Saved data entries
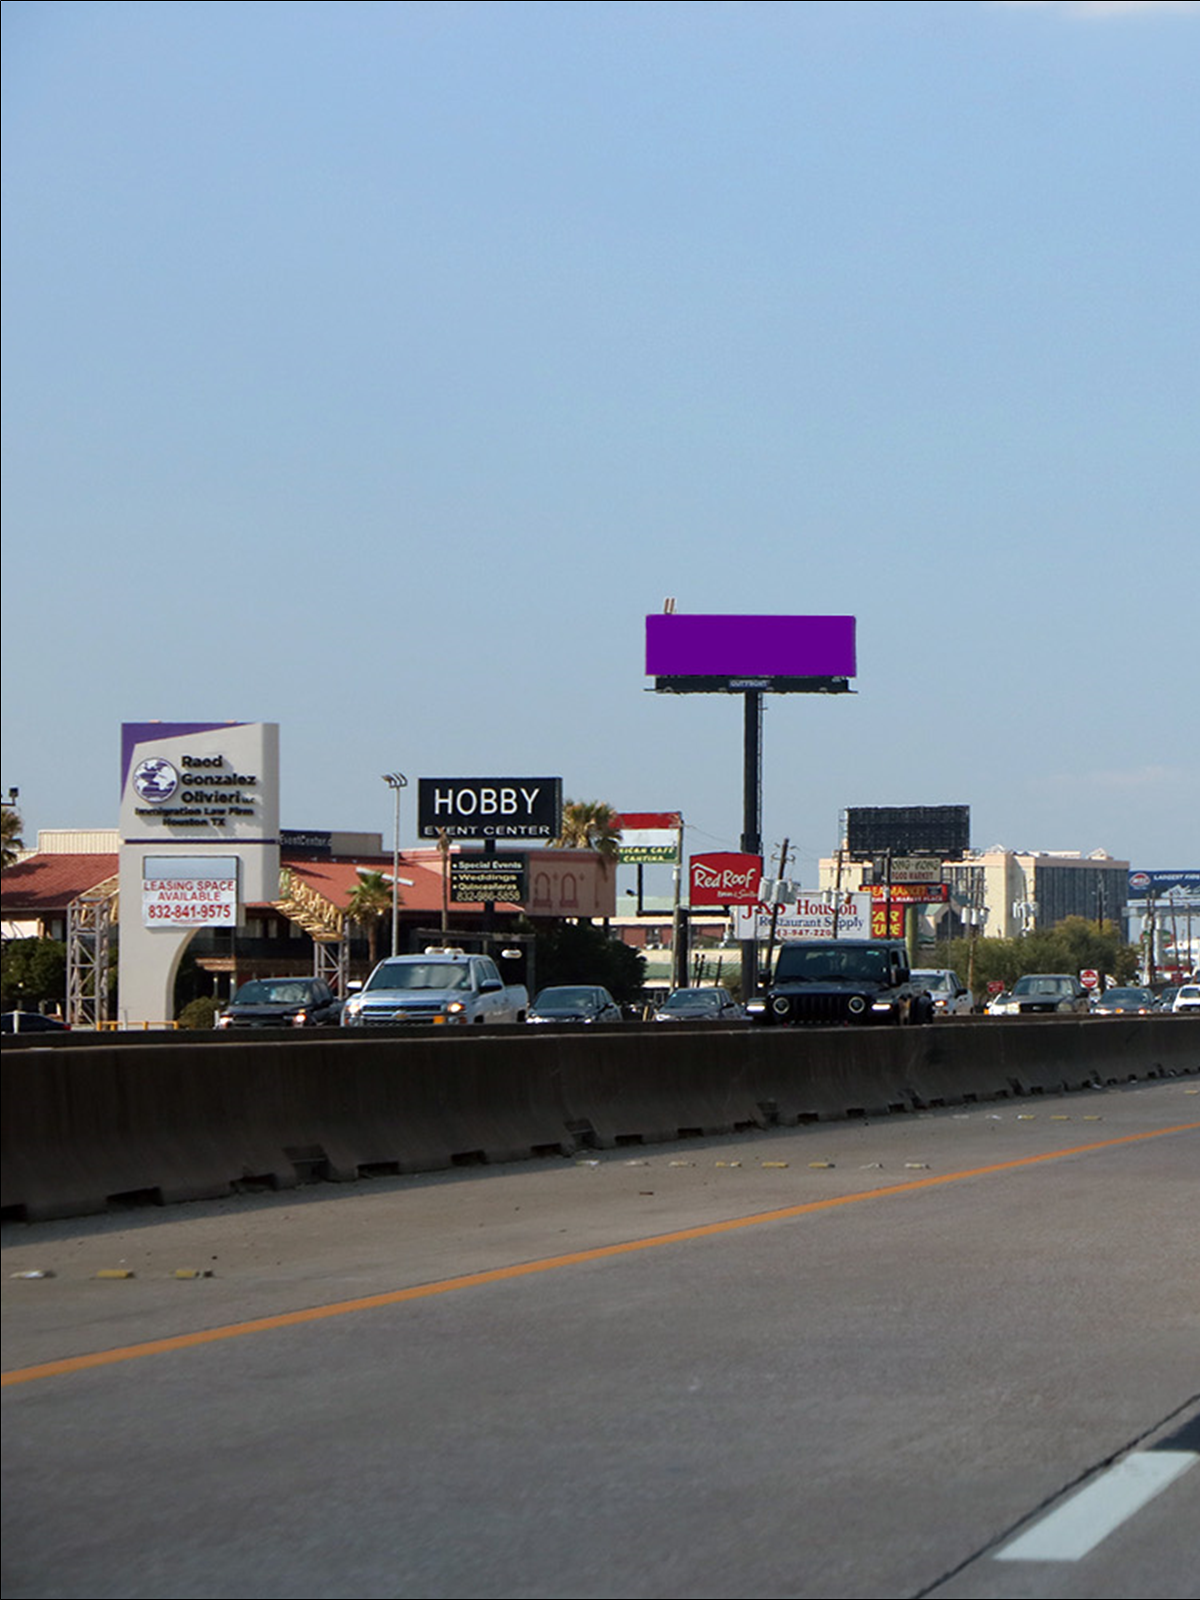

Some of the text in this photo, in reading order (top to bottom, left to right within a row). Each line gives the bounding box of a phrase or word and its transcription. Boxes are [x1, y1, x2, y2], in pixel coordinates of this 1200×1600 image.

[181, 755, 223, 768] Raed
[181, 773, 257, 786] Gonzalez
[181, 790, 241, 803] Olivieri
[433, 787, 540, 815] HOBBY
[135, 807, 255, 817] Immigration Law Firm
[162, 818, 226, 827] Houston TX
[483, 825, 551, 836] CENTER
[458, 860, 522, 870] Special Events
[458, 874, 517, 882] Weddings
[694, 868, 756, 889] Red Roof
[143, 880, 235, 891] LEASING SPACE
[158, 892, 221, 901] AVAILABLE
[147, 904, 231, 919] 832-841-9575
[797, 899, 857, 916] Houson
[759, 915, 864, 931] Retaurant Spply
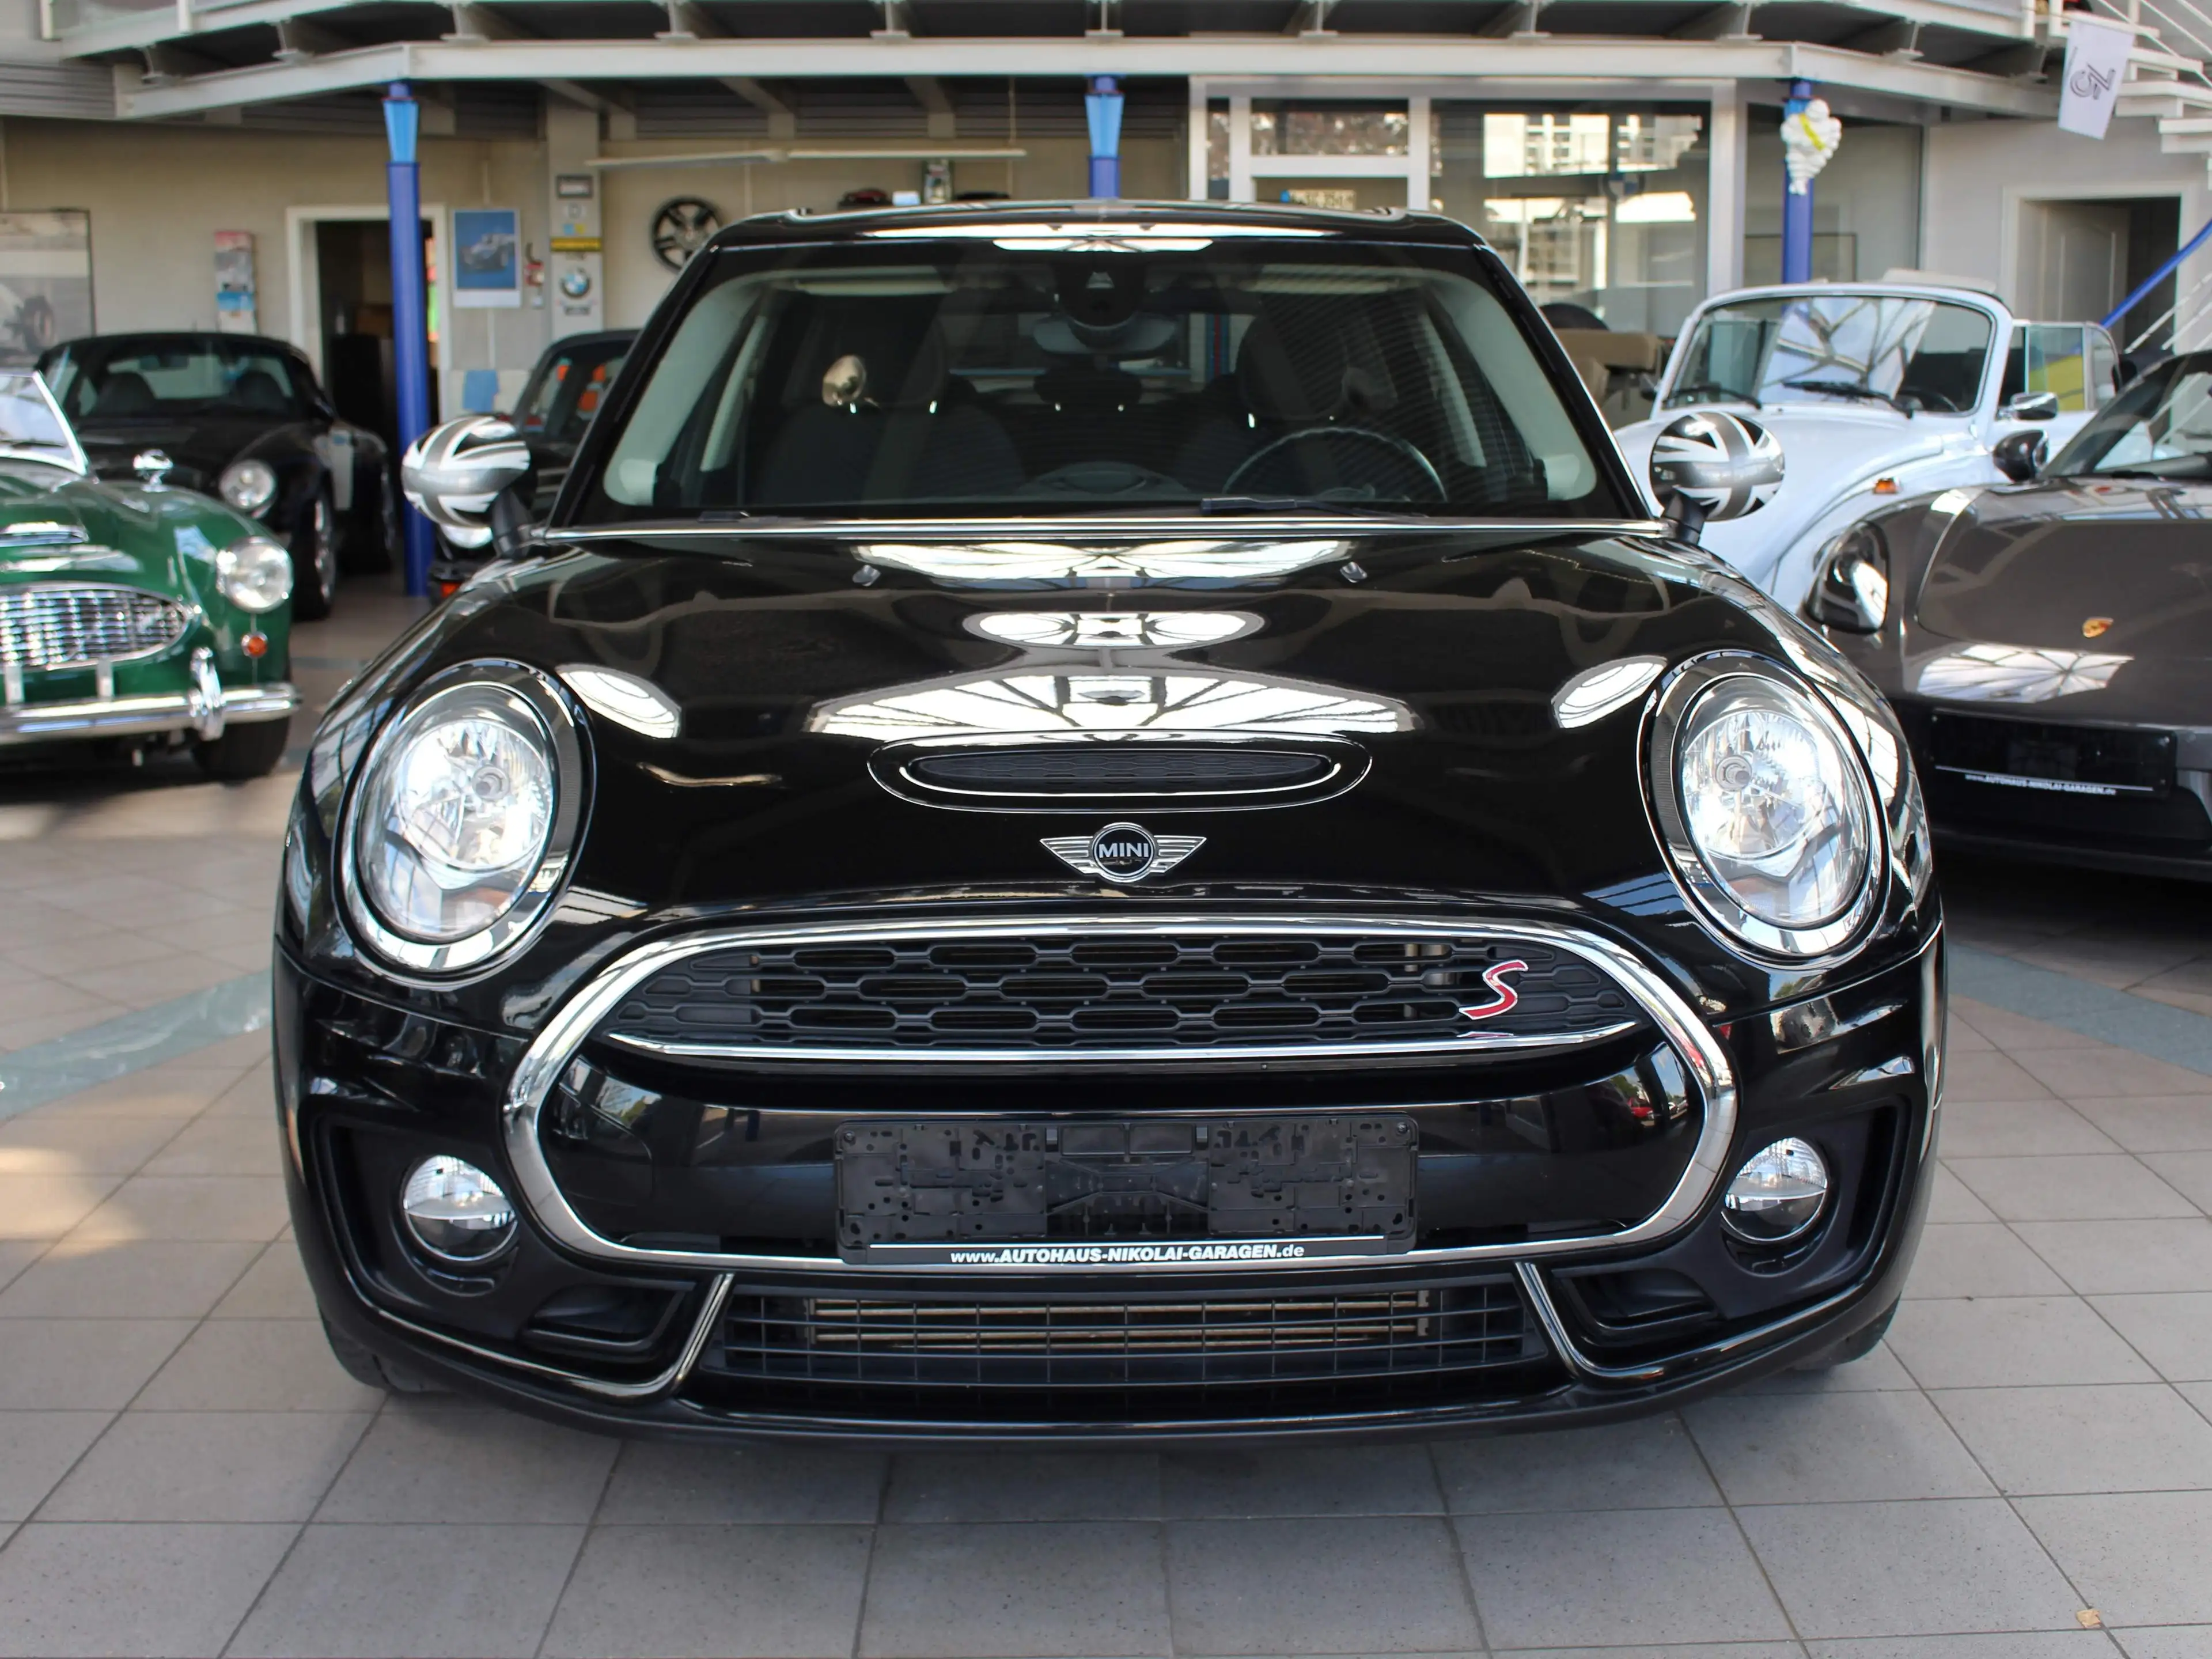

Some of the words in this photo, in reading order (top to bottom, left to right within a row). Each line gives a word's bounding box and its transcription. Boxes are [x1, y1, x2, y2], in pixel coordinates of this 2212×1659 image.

[1099, 843, 1149, 858] MINI
[1459, 959, 1528, 1020] S
[950, 1244, 1304, 1263] www.AUTOHAUS-NIKOLAI-GARAGEN.de

■ **Problem description**
In the entries, find the line containing "Some of the words" and output it and all remaining lines exactly.

■ **Finished task**
Some of the words in this photo, in reading order (top to bottom, left to right within a row). Each line gives a word's bounding box and its transcription. Boxes are [x1, y1, x2, y2], in pixel coordinates of this 2212×1659 image.

[1099, 843, 1149, 858] MINI
[1459, 959, 1528, 1020] S
[950, 1244, 1304, 1263] www.AUTOHAUS-NIKOLAI-GARAGEN.de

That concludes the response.